3.7: Modeling Using Variation

Direct Variation Let x and y denote two quantities. y varies directly with x, or y is directly proportional to x, if there is a nonzero number k such that y = k x. The number k is called the constant of proportionality.

Example The monthly payment, p, on Mr. Cawelti’s student loan varies directly with the amount borrowed, B. If the monthly payment is $20 for every $1000 borrowed, find an equation that relates the monthly payment p to the amount borrowed B. Find the monthly payment p when the amount borrowed B is $80,000.

The volume of tears cried is directly proportional to the amount of time Mr. Muzny spends grading his algebra 1 tests. A 60 minute grading session causes him to cry 1.5 oz. of tears. How much time did he spend grading if he cried 11 oz. of tears?

Inverse Variation

The length of a violin string varies inversely as the frequency of its vibrations. If a string 8 inches long vibrates at a frequency of 640 cycles per second, what is the frequency of a string that is 10 inches long?

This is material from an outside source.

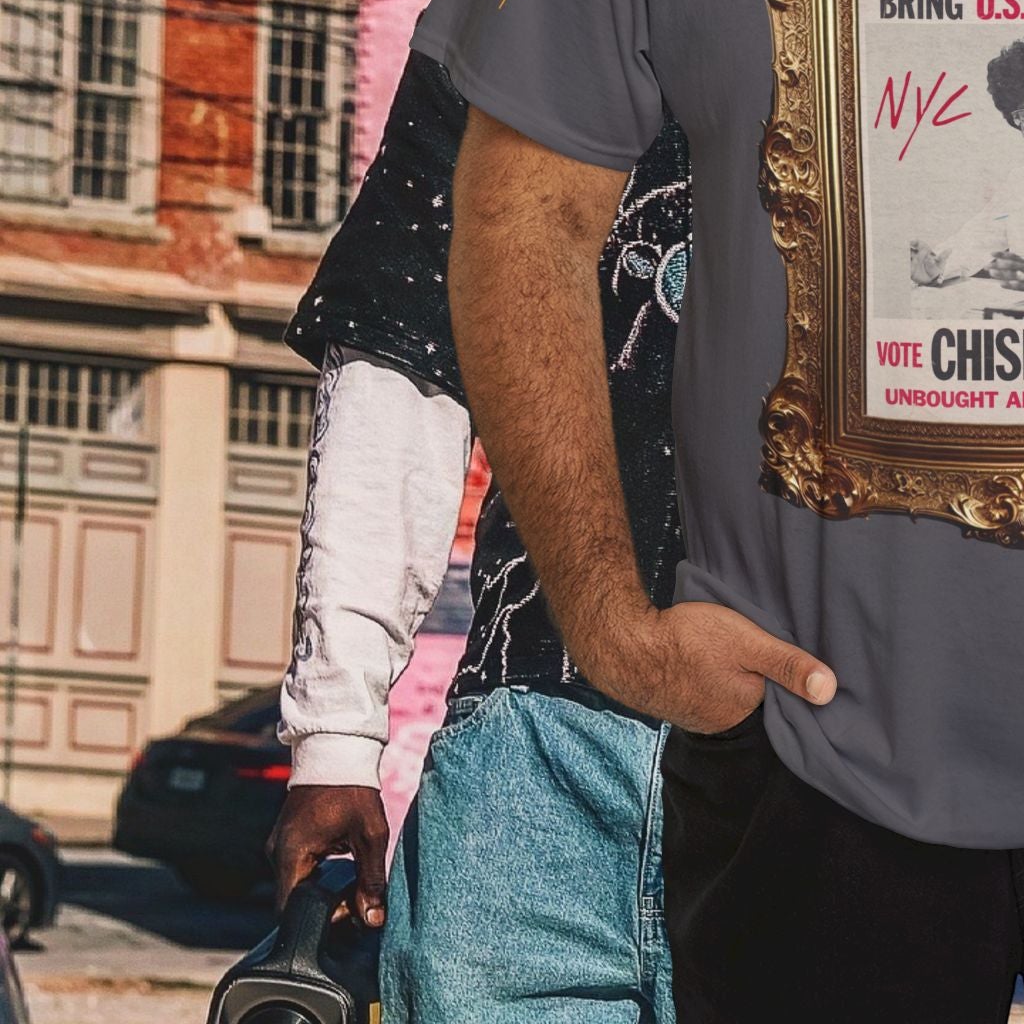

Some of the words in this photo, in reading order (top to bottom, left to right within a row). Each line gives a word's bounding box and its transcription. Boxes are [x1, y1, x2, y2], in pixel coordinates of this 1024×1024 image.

While traveling at a constant speed in a car, the centrifugal accelerations passengers feel while the car is turning is inversely proportional to the radius of the turn. If the passengers feel an acceleration of 12 ft/sec 2 when the radius of the turn is 40 feet, find the acceleration the passengers feel when the radius of the turn is 160 feet?

Joint Variation

The time (in hours) it takes a satellite to complete an orbit around the earth varies directly with the radius of the orbit (from the center of the earth) and inversely with the orbital velocity. A satellite completes an orbit 810 miles above the earth in 16 hours at a velocity of 38,000 mph. Solve for the constant of proportionality, and write an equation(Use 3960 as the radius of the earth).